[Task objective] An exact transcription of all the records below is required, without any images.

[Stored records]
-- Opening Marker --

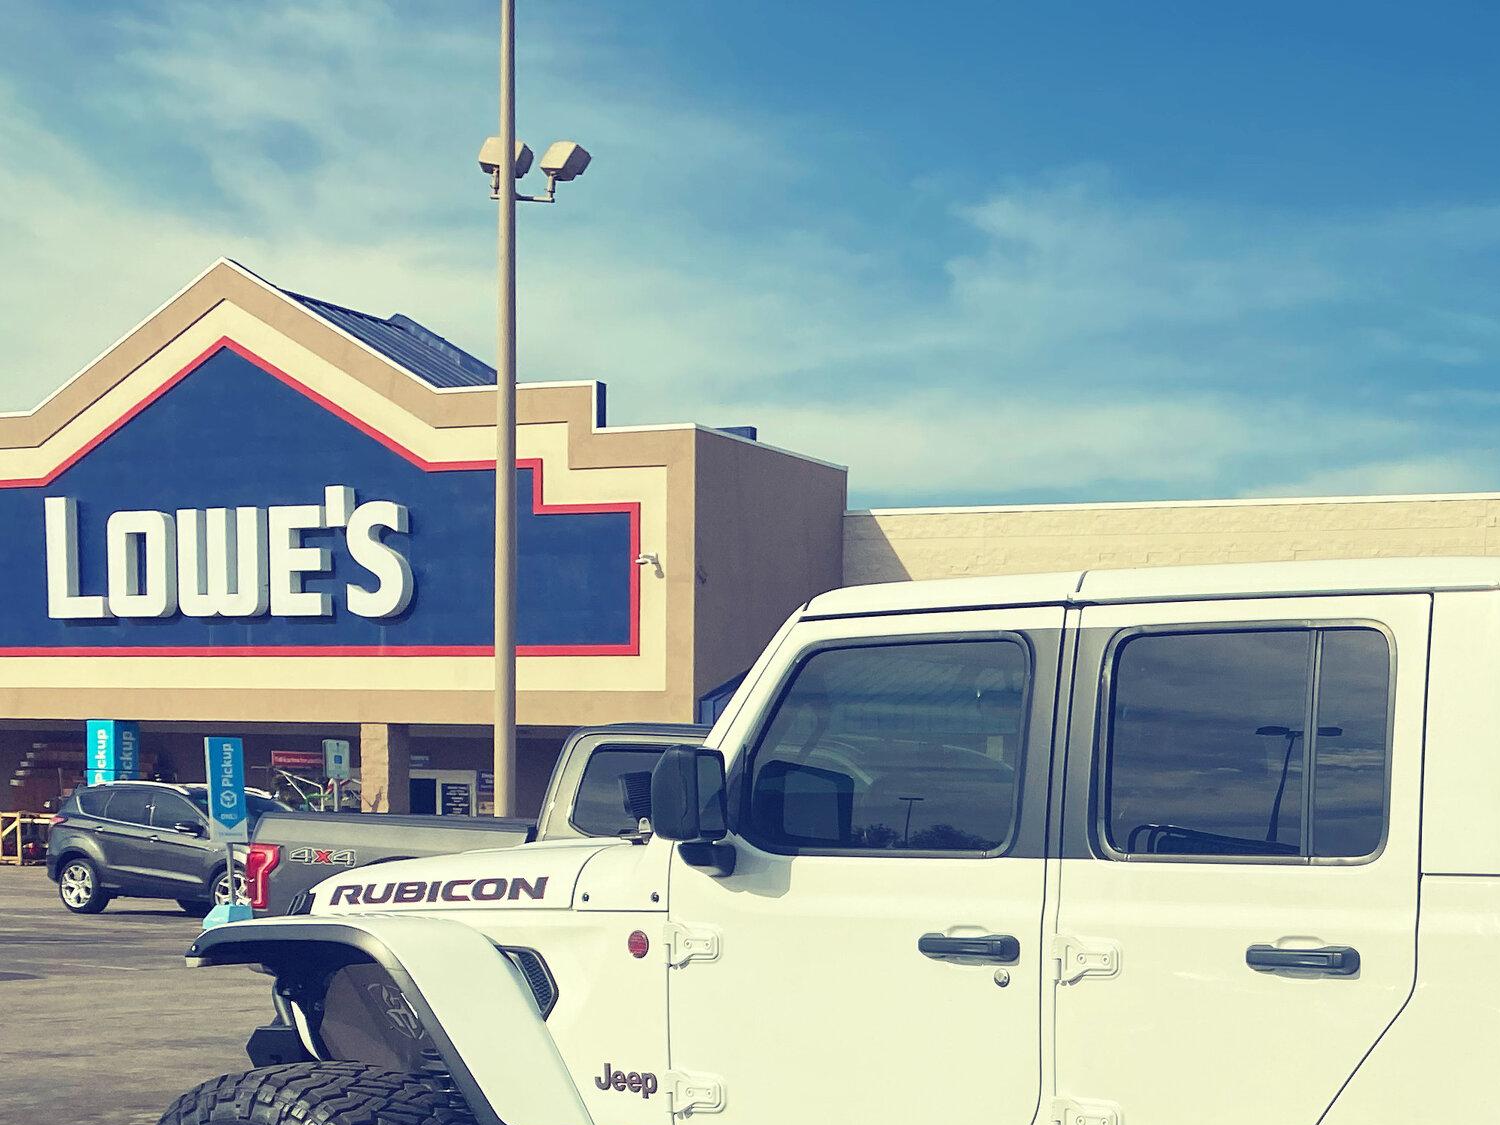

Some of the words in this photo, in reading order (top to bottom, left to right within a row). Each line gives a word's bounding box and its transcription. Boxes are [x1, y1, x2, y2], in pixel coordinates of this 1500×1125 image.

[44, 485, 412, 619] LOWE'S
[221, 743, 234, 787] Pickup
[328, 876, 550, 907] RUBICON
[594, 1062, 658, 1099] Jeep

-- Closing Marker --

[Exercise output]
Some of the words in this photo, in reading order (top to bottom, left to right within a row). Each line gives a word's bounding box and its transcription. Boxes are [x1, y1, x2, y2], in pixel coordinates of this 1500×1125 image.

[44, 485, 412, 619] LOWE'S
[221, 743, 234, 787] Pickup
[328, 876, 550, 907] RUBICON
[594, 1062, 658, 1099] Jeep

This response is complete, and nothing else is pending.